Pedro Celestino Silva Soares (born 2 January 1987), known as Celestino, is a Cape Verdean professional footballer who plays as a central midfielder.

He also held a Portuguese passport, due to the many years spent in the country.

Club career
Born in Tarrafal, Celestino spent six years at Sporting CP (formative years included), but never appeared officially for the first team. He spent his first season as a professional with C.D. Olivais e Moscavide, on loan, being relegated from the Segunda Liga.

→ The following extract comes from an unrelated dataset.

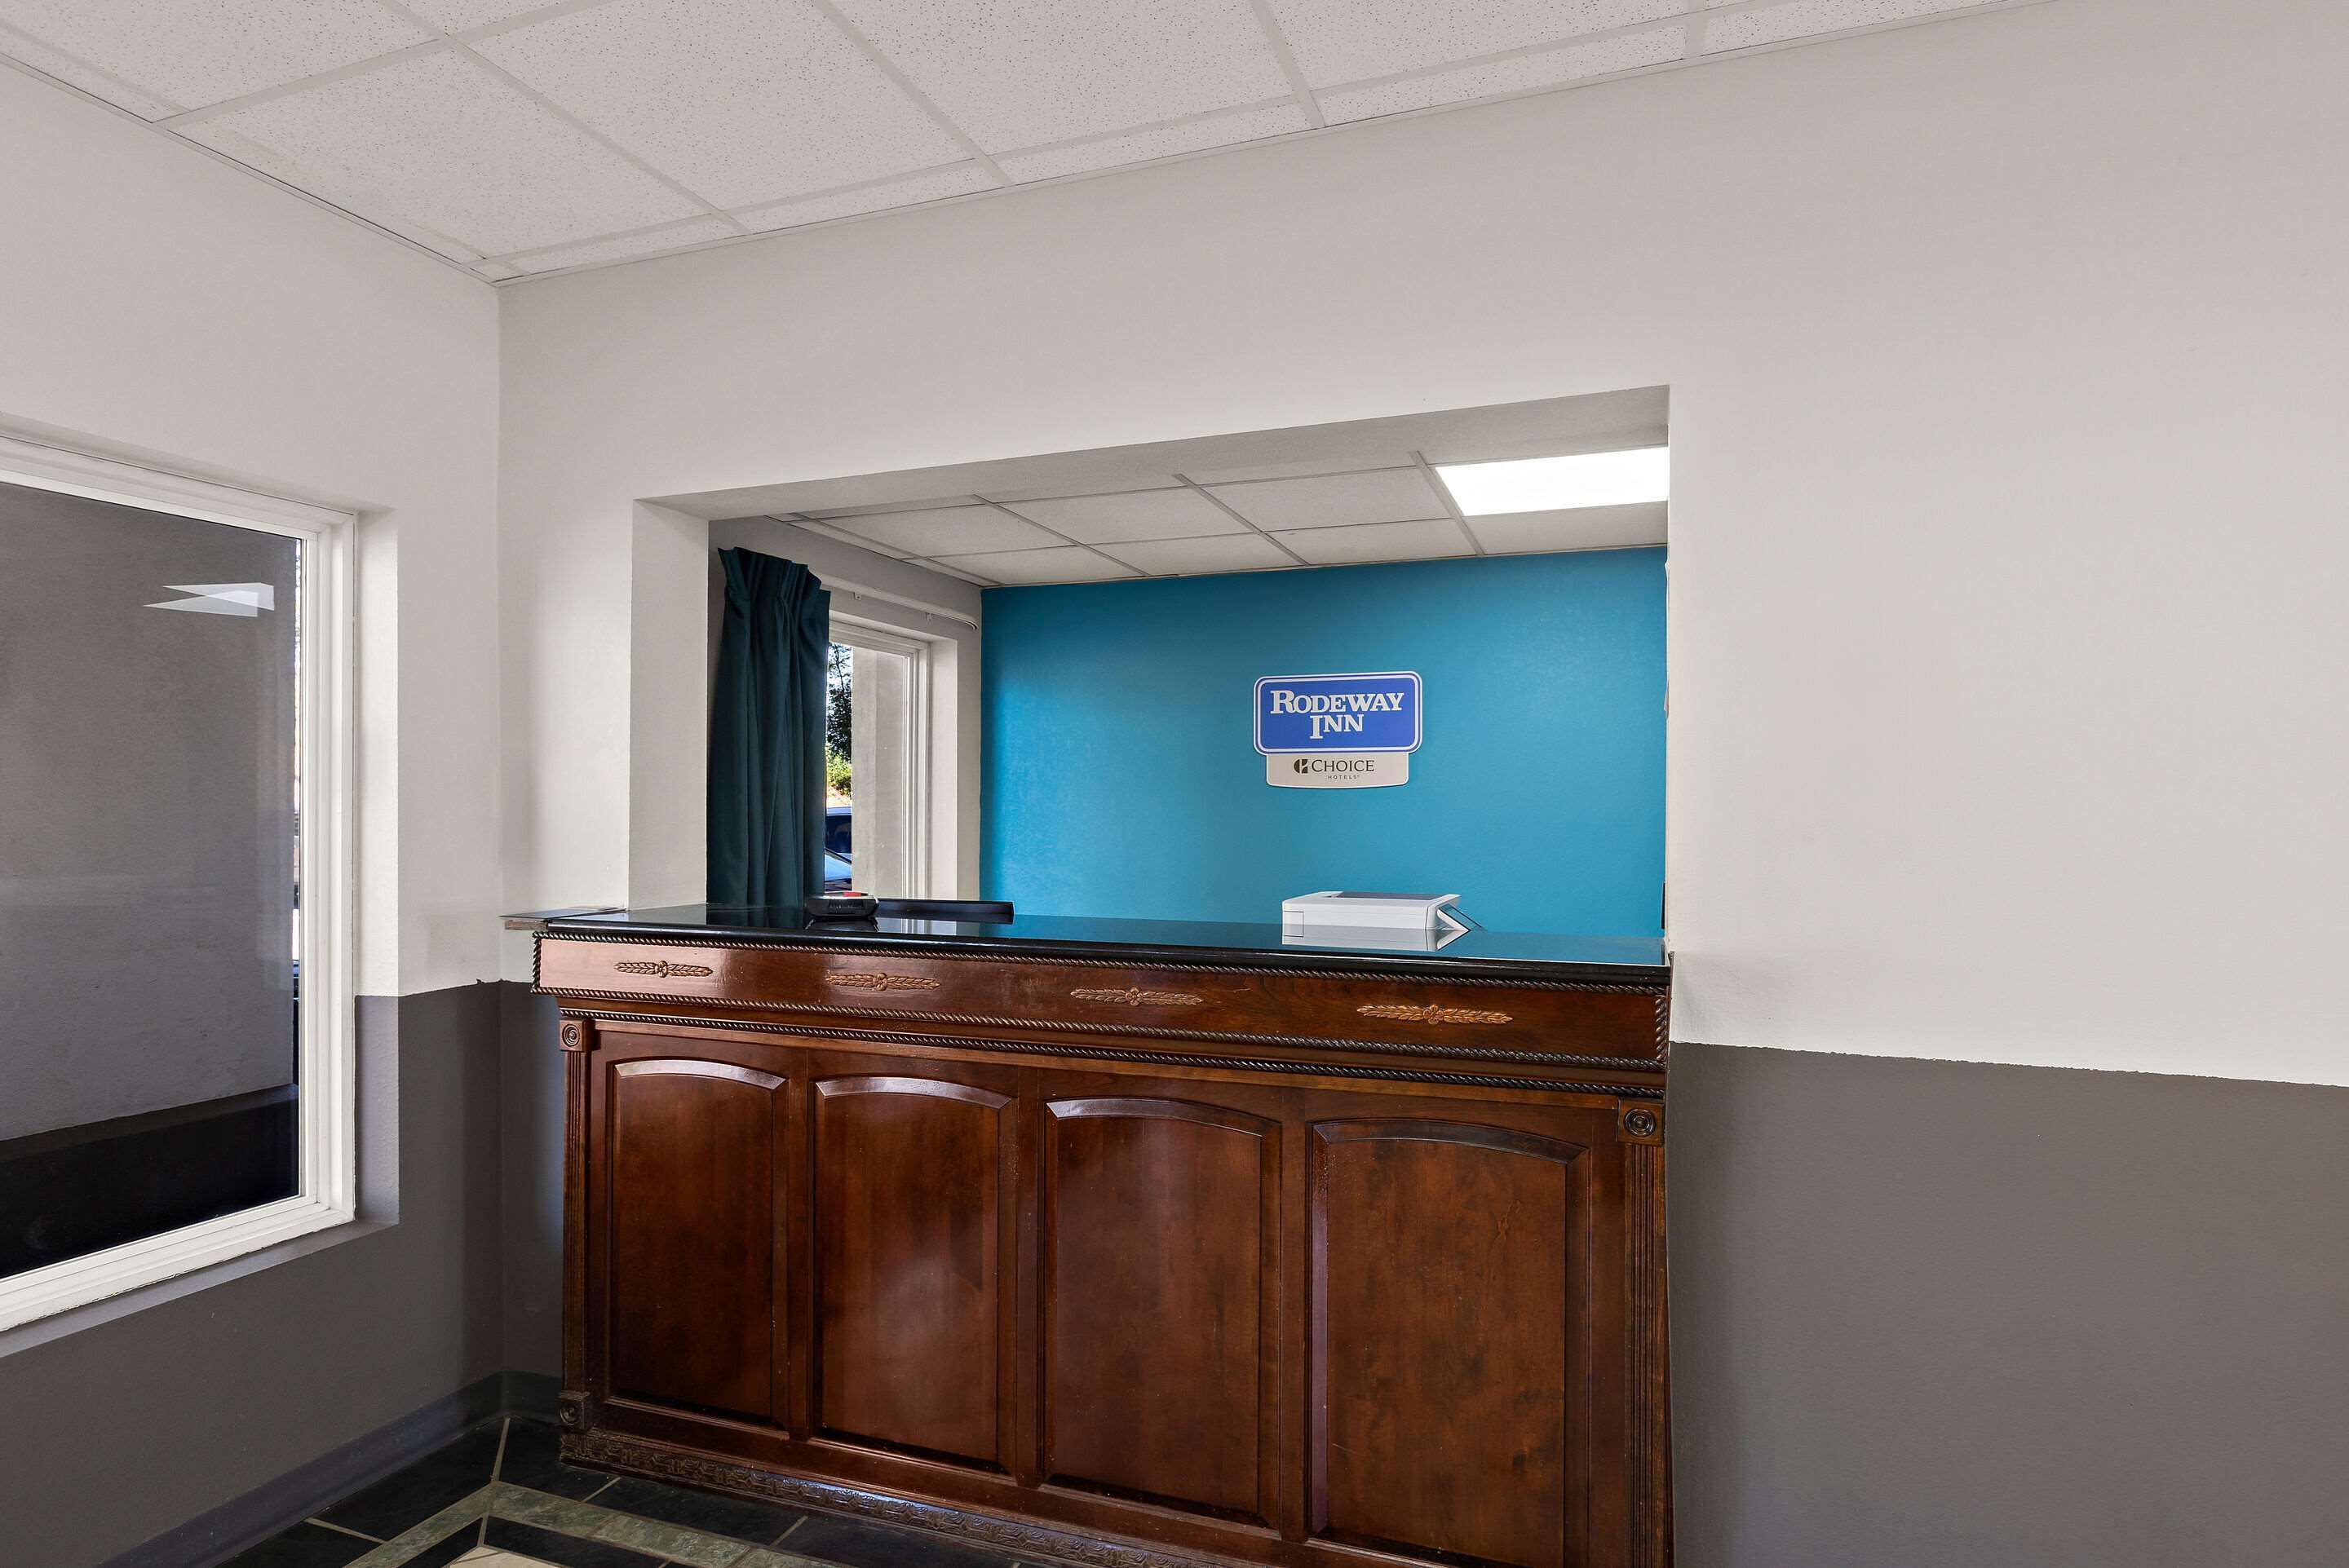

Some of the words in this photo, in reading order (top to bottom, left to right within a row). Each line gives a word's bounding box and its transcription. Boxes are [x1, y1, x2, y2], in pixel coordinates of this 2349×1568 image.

[1270, 690, 1405, 714] RODEWAY
[1309, 714, 1365, 740] INN
[1311, 759, 1375, 772] CHOICE

For 2007–08, also on loan, Celestino joined G.D. Estoril Praia but, in January 2008, still owned by Sporting, moved to another side in the Lisbon region, C.F. Estrela da Amadora. He made his competitive debut on the 20th, starting in a 1–0 home win against S.C. Braga in the Taça de Portugal, and played his first Primeira Liga match the following week, featuring the second half of the 1–1 draw at Associação Naval 1º de Maio.

Celestino suffered top-flight relegation with Estrela in the following campaign, due to irregularities. He met the same fate with his following club, C.F. Os Belenenses, but only due to sporting factors this time.

On 16 August 2011, Celestino signed a three-year contract with CFR Cluj in Romania. He returned to Portugal subsequently, going on to represent S.C. Olhanense and Atlético Clube de Portugal.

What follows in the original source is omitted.